→ **Your task**
The records below are to be set down word for word, with every picture left out.

Records from a dataset:
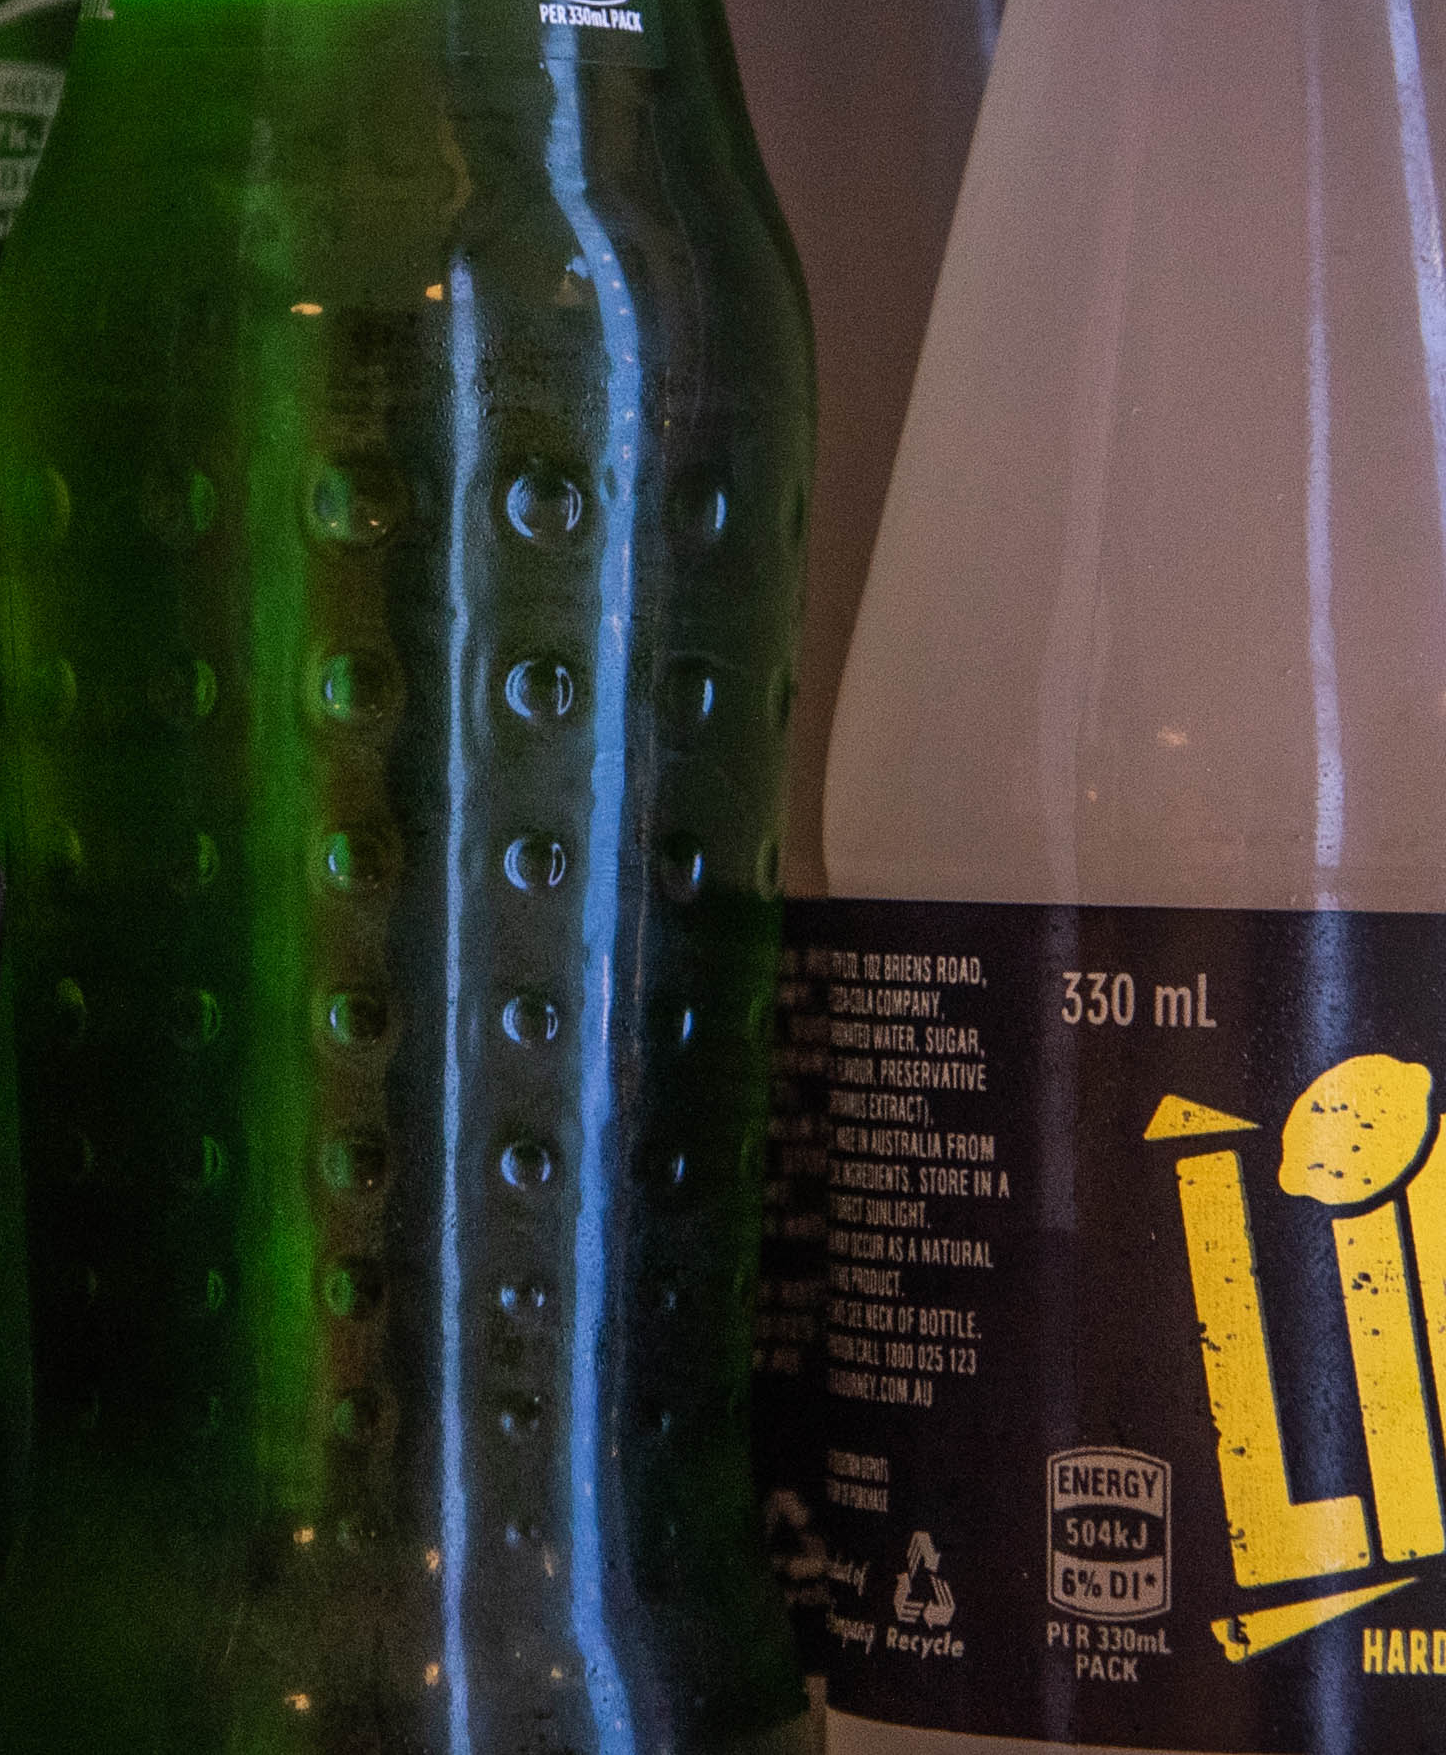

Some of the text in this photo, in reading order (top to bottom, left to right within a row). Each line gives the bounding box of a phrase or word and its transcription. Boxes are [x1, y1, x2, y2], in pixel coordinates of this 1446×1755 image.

[539, 2, 644, 33] PER 330mL PACK
[884, 955, 931, 985] BRIENS
[936, 956, 987, 988] ROAD,
[876, 990, 945, 1021] COMPANY,
[1062, 972, 1217, 1028] 330 mL
[925, 1026, 986, 1058] SUGAR,
[880, 1059, 987, 1092] PRESERVATIVE
[871, 1129, 942, 1158] AUSTRALIA
[947, 1132, 995, 1162] FROM
[919, 1167, 968, 1195] STORE
[974, 1170, 992, 1197] IN
[998, 1171, 1010, 1198] A
[921, 1239, 994, 1269] NATURAL
[865, 1303, 893, 1332] NECK
[898, 1306, 914, 1334] OF
[918, 1344, 943, 1372] 025
[950, 1348, 976, 1376] 123
[1058, 1465, 1159, 1499] ENERGY
[1066, 1518, 1148, 1550] 504kJ
[1062, 1567, 1102, 1597] 6%
[886, 1626, 964, 1660] Recycle
[1097, 1624, 1172, 1655] 330mL
[1076, 1655, 1138, 1682] PACK
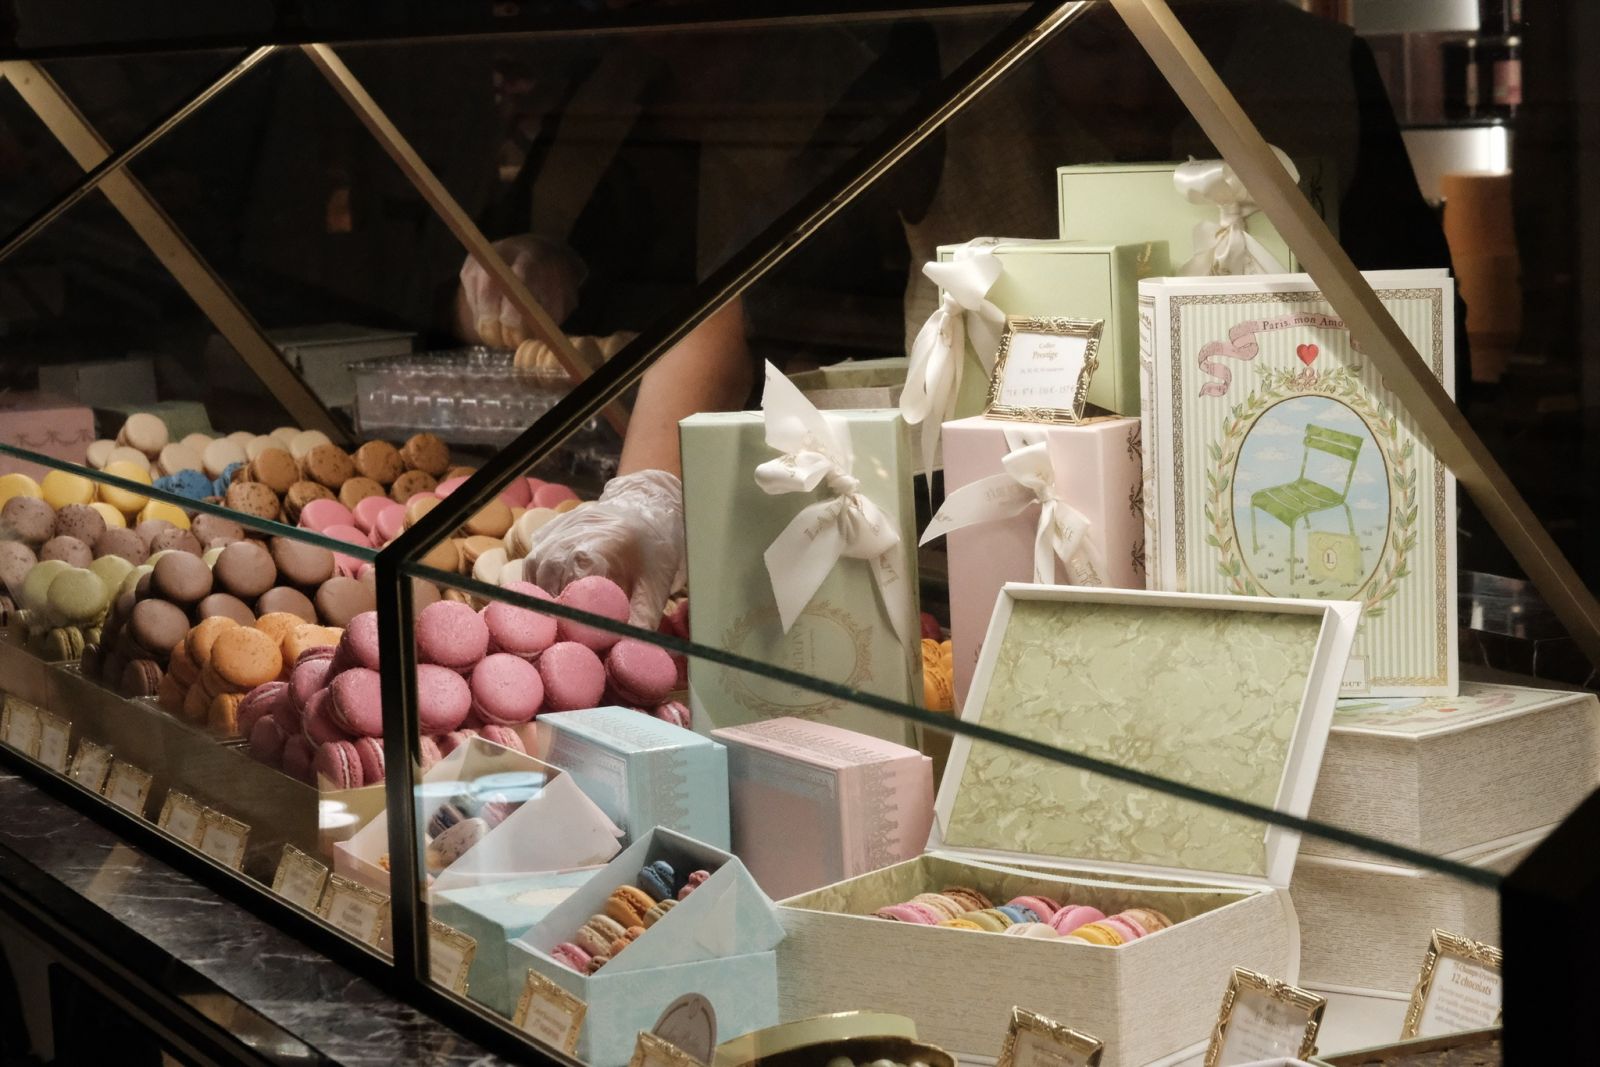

→ **Result of this exercise**
Some of the text in this photo, in reading order (top to bottom, left to right within a row). Each line gives the bounding box of a phrase or word and its transcription. Boxes are [x1, y1, x2, y2], in pixel coordinates of this 1446×1755 image.

[539, 2, 644, 33] PER 330mL PACK
[884, 955, 931, 985] BRIENS
[936, 956, 987, 988] ROAD,
[876, 990, 945, 1021] COMPANY,
[1062, 972, 1217, 1028] 330 mL
[925, 1026, 986, 1058] SUGAR,
[880, 1059, 987, 1092] PRESERVATIVE
[871, 1129, 942, 1158] AUSTRALIA
[947, 1132, 995, 1162] FROM
[919, 1167, 968, 1195] STORE
[974, 1170, 992, 1197] IN
[998, 1171, 1010, 1198] A
[921, 1239, 994, 1269] NATURAL
[865, 1303, 893, 1332] NECK
[898, 1306, 914, 1334] OF
[918, 1344, 943, 1372] 025
[950, 1348, 976, 1376] 123
[1058, 1465, 1159, 1499] ENERGY
[1066, 1518, 1148, 1550] 504kJ
[1062, 1567, 1102, 1597] 6%
[886, 1626, 964, 1660] Recycle
[1097, 1624, 1172, 1655] 330mL
[1076, 1655, 1138, 1682] PACK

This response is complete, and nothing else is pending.